Notwithstanding great expectations, the fall of the PNC in 1992 was only able to move Guyana from being an ‘electoral autocracy’ to an ‘electoral democracy’ under the PPP/C. The latter I have previously called a democracy without political virtues (SN 30/4/14). It is on the back of one aspect of the democratic deficit resulting from PPP/C rule, that the Caribbean Court of Justice (CCJ) recently came riding into town, took out the perceived main recalcitrant and helped to push democracy in Guyana a little way along the road; but it is sad that it had to do so!
I welcomed the CCJ decision not because it makes it impossible for Mr. Jagdeo to run again for the presidency. I have stated before that I believe that he is such a polarizing figure that the regime would have made great use of him; far better use than it will now be able to make of a transparently chosen new inclusive leadership bolstered by Mr. Jagdeo’s popularity in his traditional base. It appears to me that to think otherwise would be to do the usual and treat Guyana as if it is normal and not to give sufficient weight to the exaggerated but commonplace saying to the effect that if the two main parties put donkeys as their presidential candidates their traditional supporters would vote for them!
However, this will only work if Mr. Jagdeo is able to eschew cronyism and dictation. Huge ifs some have said, and if his recent public chiding of Charles Ramson Jnr. for declaring his presidential candidacy is anything to go by, they may be correct. Certainly a progressive and more democratic public response to the young man coming from the leader of his party would have been to wish – as the PNCR did in relation to its chairpersonship contest – good luck to all who care to run for that office.
Mr. Bharrat Jagdeo would have us believe that he had nothing to do with the CCJ being in town and thus he should be pleased with its decision, for it has made it impossible for him to be press-ganged into the service of the nation by his more ardent supporters.

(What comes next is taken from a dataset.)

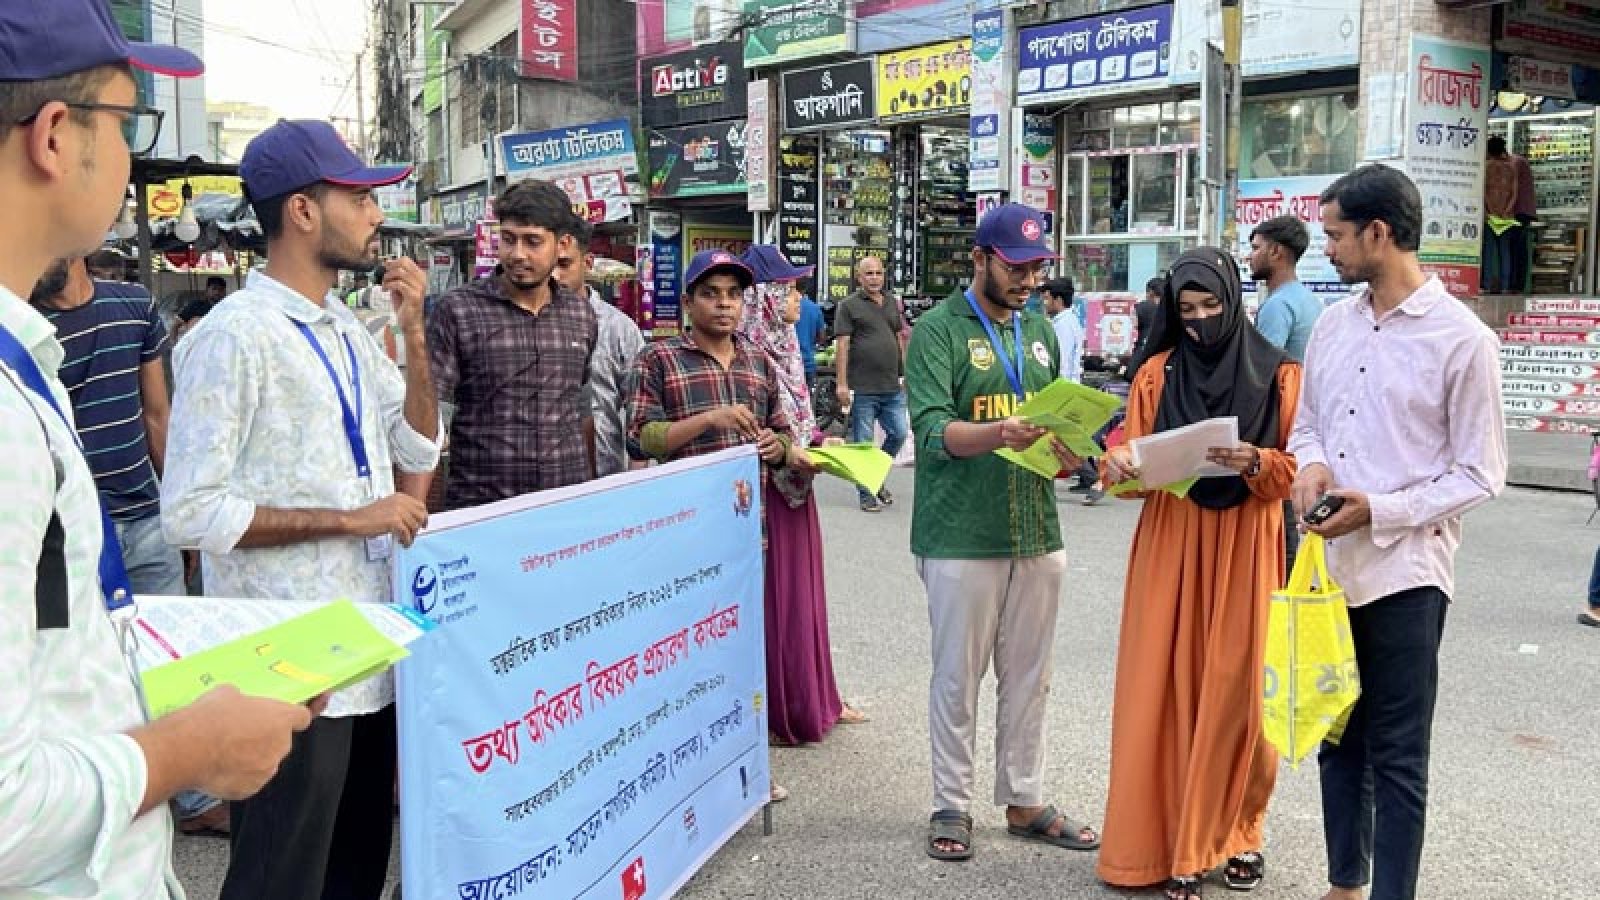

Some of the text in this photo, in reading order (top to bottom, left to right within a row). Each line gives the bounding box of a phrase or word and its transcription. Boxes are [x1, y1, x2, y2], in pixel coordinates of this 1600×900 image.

I favour the decision because, although there are exceptions that I hope one day Guyana will adopt, generally presidentialism provides the incumbent with enormous opportunities to amass and project power and fuel a corrupt autocracy. Therefore, as much as is practicable, every effort should be made to restrict and limit its reach.
I said it was sad that the CCJ had to become involved for the reason that in an ethnically divided society such as ours, the continuous reliance on the courts to solve controversial political problems must gradually bring the judiciary into disrepute. But what is even more disheartening is that as we speak, we are not substantially further along the democratic road – we are still an ‘electoral democracy’ in which major manifesto promises are not kept, questionable approaches to the judiciary and elections arrangements abound, secrecy can only be exploded by public uproar, the livelihood of working people is given little premium, the questionable treatment of opponents have many relying on general principles to justify questionable specific acts, and so on. As a result, the unilateral appointment of the chairperson of the Guyana Elections Commission and yet to be filled positions of Chancellor of the Judiciary and Chief Justice look certain to reach the CCJ and so it will soon be back again to deal with this unruly political environment that we appear unable to subdue.